In case this helps someone else, though:

https://www.elastic.co/guide/en/esf/current/aws-deploy-elastic-serverless-forwarder.html#aws-serverless-forwarder-direct-deploy

aspacca commented 7 months ago

@whc4017 we are aware of this limit and we are going to state it clearly in the documentation and point to the alternative deployment solution we currently support, that's the one mentioned by @NYFreddie : https://www.elastic.co/guide/en/esf/current/aws-deploy-elastic-serverless-forwarder.html#aws-serverless-forwarder-direct-deploy

The limit is a mix of CloudFormation limits and relying on SAR for deployment, as well of the fact that we want to provide a deployment experience that not only deploys the ESF lambda and its components (like the continuing and replay queue) but also frees the users to manage on their own the triggers for ESF and the IAM permissions required.

In the specific context of SAR, in order to achieve that deployment UX, CloudFormation requires the usage of a Macro. Given the fact that Cloudformation does not support "dynamic" Macro reference, we are also consequentially limited to be able to have only one SAR deployment of ESF per region. That's exactly the reason for the failure of your 2nd approach.

Your 1st approach is currently discussed: as you experienced it will require two separated Parameters (something like ElasticServerlessForwarderCloudWatchLogsEvents and ElasticServerlessForwarderCloudWatchLogsEvents2).

This approach will work for a while, adding multiple separated Parameters, as much as needed to workaround the 4096 bytes limit multiplied by the total number of Parameters in order to fit the bytes size of the ARNs list you need to provide. There's also a CloudFormation limit on the total number of Parameters that can be defined in a single template.

The above summarizes the reasons why, after a certain amount of AWS resources that users want to use as trigger of ESF, SAR deployment it is not the deployment solution they should rely on. Again, we are aware this is currently not clear in ESF documentation, we apologize for that and we are going to address it.

Please note that the alternative deployment method that we offer and support, the direct one, while not based on SAR and not using CloudFormation Parameters, is still based on CloudFormation, and you may hit CloudFormation limits even using this solution. The main difference from SAR deployment is that you can have multiple deployments (since it does not use any Macro), so your 2nd approach, in the direct deployment context, is feasible.

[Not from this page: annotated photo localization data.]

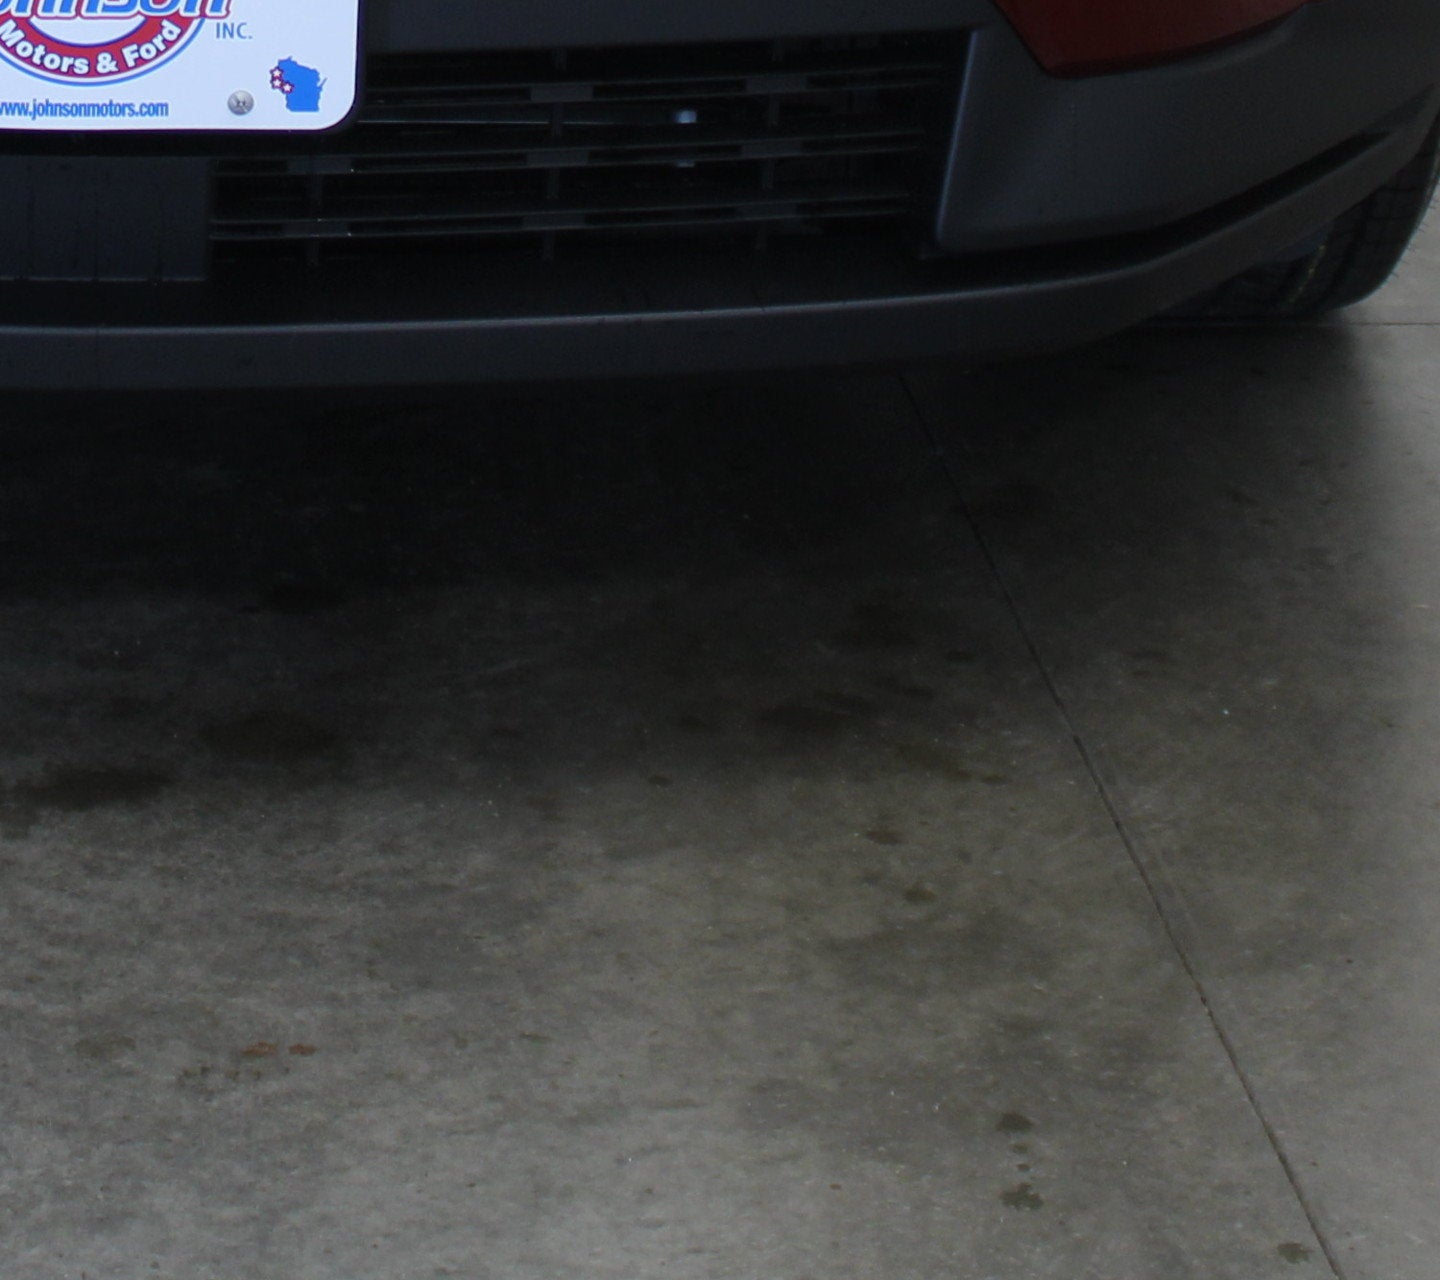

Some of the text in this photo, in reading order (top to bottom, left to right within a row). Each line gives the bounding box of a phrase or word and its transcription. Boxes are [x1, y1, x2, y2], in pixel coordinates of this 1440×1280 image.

[96, 51, 120, 74] &
[122, 19, 183, 68] Ford
[215, 21, 254, 40] INC.
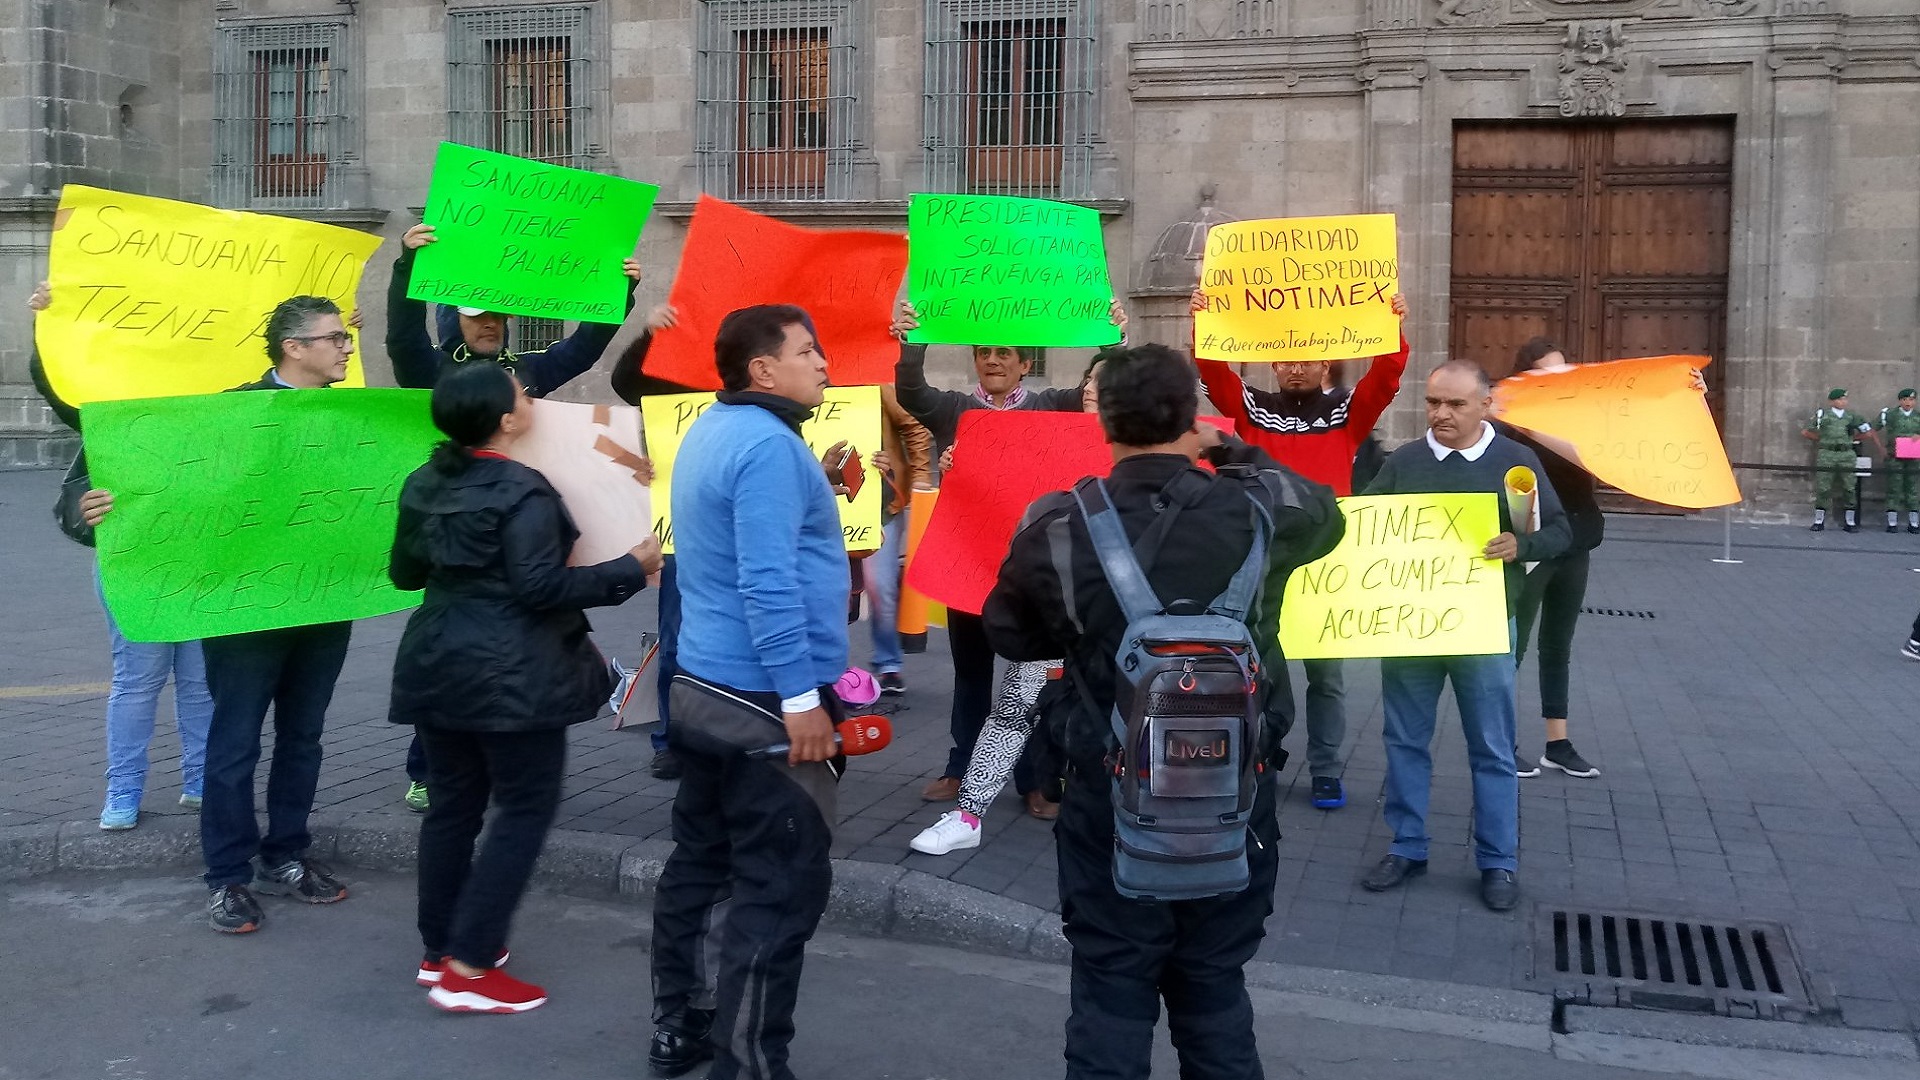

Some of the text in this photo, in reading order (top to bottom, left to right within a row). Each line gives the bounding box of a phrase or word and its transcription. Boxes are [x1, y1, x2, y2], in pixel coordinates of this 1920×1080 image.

[461, 160, 607, 209] SANJUANA
[439, 199, 580, 239] NO TIENE
[926, 198, 1079, 229] PRESIDENTE
[78, 205, 355, 300] SANJUANA NO
[955, 234, 1100, 260] SOLICITAMOS
[1210, 227, 1359, 257] SOLIDARIDAD
[497, 244, 601, 283] PALABRA
[922, 263, 1064, 293] INTERVENGA
[1204, 268, 1234, 288] CON
[1242, 266, 1273, 285] LOS
[74, 285, 229, 341] TIENE
[415, 279, 618, 316] #DESPEDIDOSDENOTIMEX
[915, 297, 959, 321] QUE
[966, 296, 1052, 324] NOTIMEX
[1205, 281, 1390, 313] EN NOTIMEX
[1350, 503, 1464, 547] TIMEX
[137, 552, 396, 628] PRESUPUE
[1302, 555, 1485, 595] NO CUMPLE
[1318, 604, 1463, 643] ACUERDO

To be a little more concrete: we expect that you will be able to need only one direct deployment if two separated Parameters would be enough for you with SAR deployment. But according on how much Parameters you currently need or will need in the future, you might need as well to split the ARNs list into multiple direct deployments.

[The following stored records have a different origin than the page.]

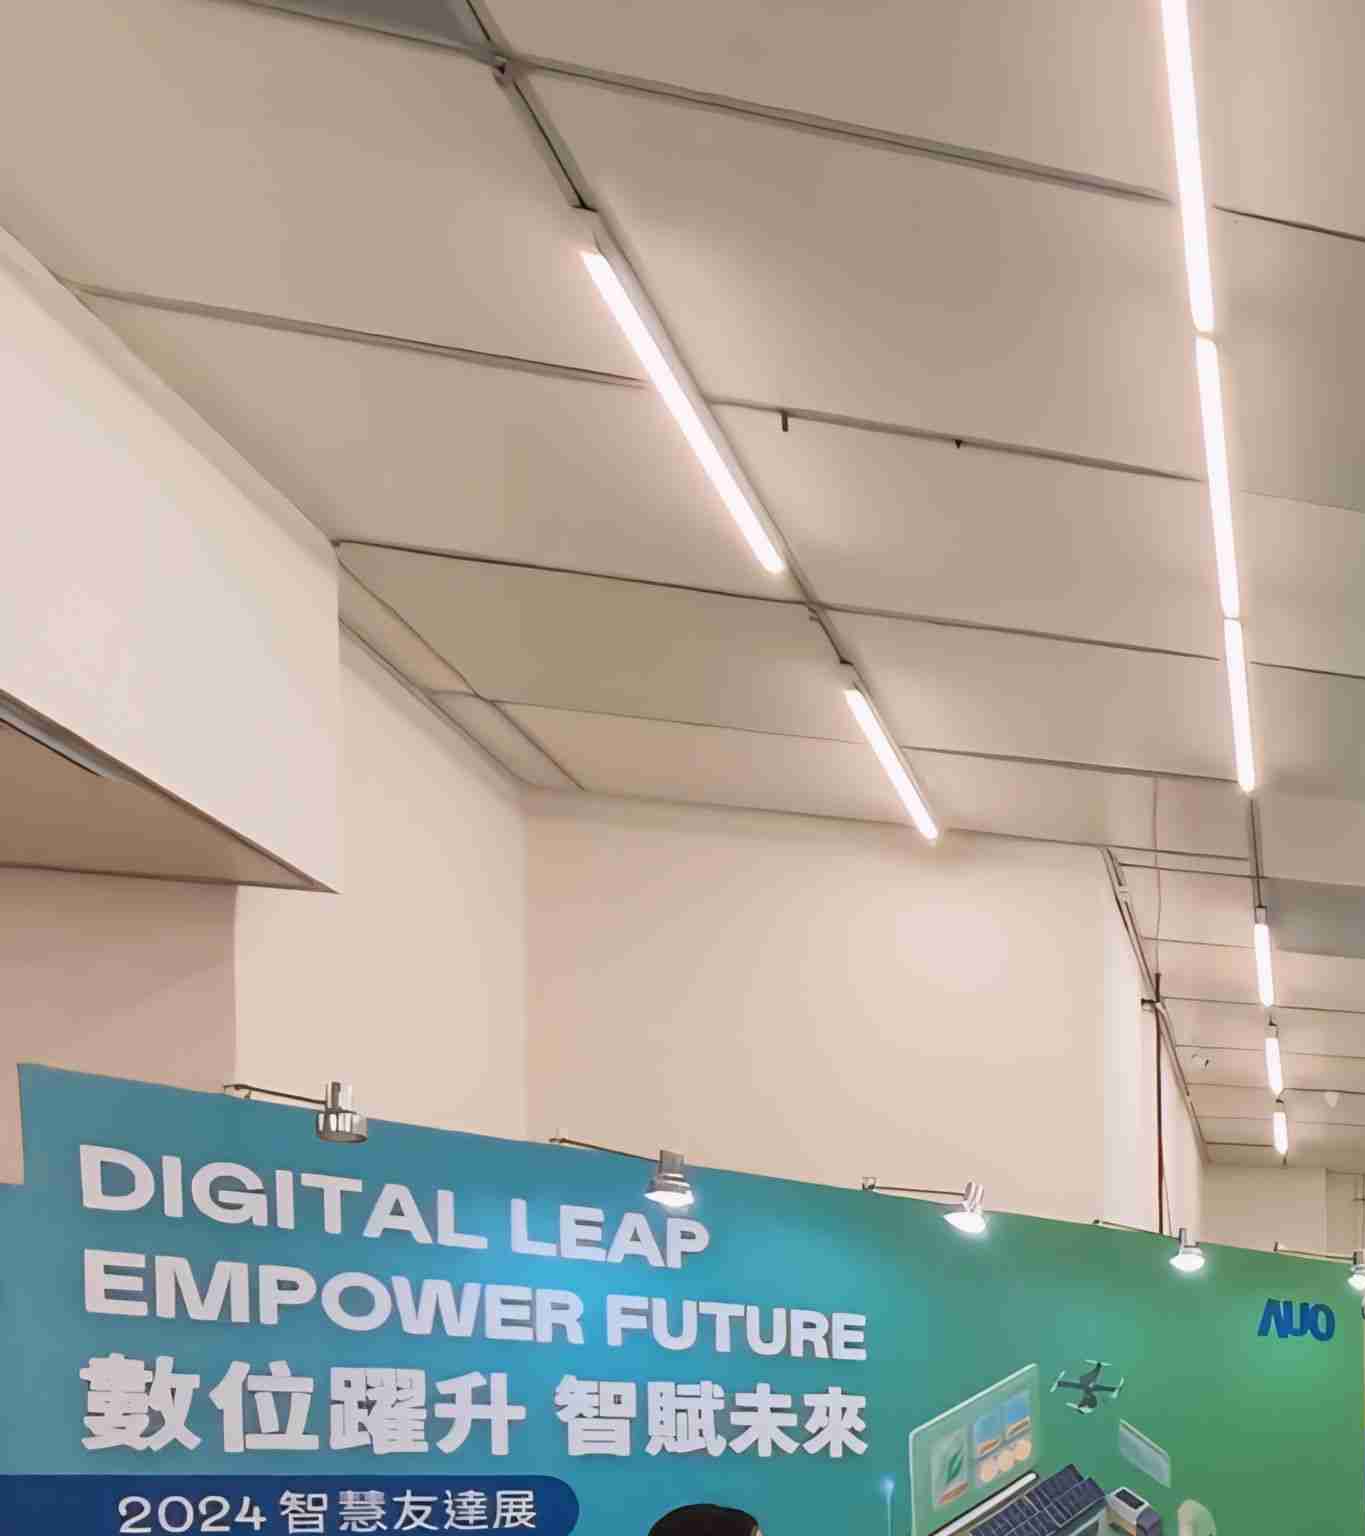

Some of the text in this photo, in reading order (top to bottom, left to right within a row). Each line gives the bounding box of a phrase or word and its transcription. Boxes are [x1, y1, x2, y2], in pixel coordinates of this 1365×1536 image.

[79, 1142, 711, 1269] DIGITAL LEAP
[83, 1247, 868, 1361] EMPOWER FUTURE
[1257, 1297, 1336, 1342] AUO
[79, 1352, 868, 1458] 數位躍升 智賦未來
[118, 1488, 538, 1534] 2024 智慧友達展

aspacca commented 7 months ago

@NYFreddie thanks for chiming in and providing the link to the direct deployment solution

Please, see my comment above about the details of the current situation, both for SAR deployment and direct deployment.

We are aware that the direct deployment, while it overcomes the limit of SAR deployment, being a bash script is not a viable solution for every environment, like in your case.

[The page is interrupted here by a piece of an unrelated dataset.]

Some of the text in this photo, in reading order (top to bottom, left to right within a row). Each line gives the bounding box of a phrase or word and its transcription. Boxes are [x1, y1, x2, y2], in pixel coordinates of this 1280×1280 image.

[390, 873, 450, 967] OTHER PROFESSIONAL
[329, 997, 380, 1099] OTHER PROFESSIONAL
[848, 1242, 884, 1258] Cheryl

We are already discussing about a pure terraform deployment solution, I cannot currently give you any ETA or expectation, but the value is clear and I will bring your case to discussion.

Thanks

aspacca commented 7 months ago

@whc4017 @NYFreddie

please find that v1.13.0 was released yesterday on SAR, including duplication of CF Parameters (https://github.com/elastic/elastic-serverless-forwarder/pull/627)

This should unblock you for the moment

ioancatana commented 4 months ago

I still have this issue using ElasticServerlessForwarderCloudWatchLogsEvents2

I had split the list of cloudwatch logs arn in half, using terraform,

Error: waiting for Serverless Application Repository CloudFormation Stack.... was not successfully updated. Currently in UPDATE_ROLLBACK_IN_PROGRESS with reason: The following resource(s) failed to create: [ApplicationElasticServerlessForwarderCloudWatchLogsEventabbdbd75abPermission]

sematic version: 1.13.1

@aspacca can you please re-open this issue? If I add 1 new cloudwatch group, it will fail to update due to Policy size.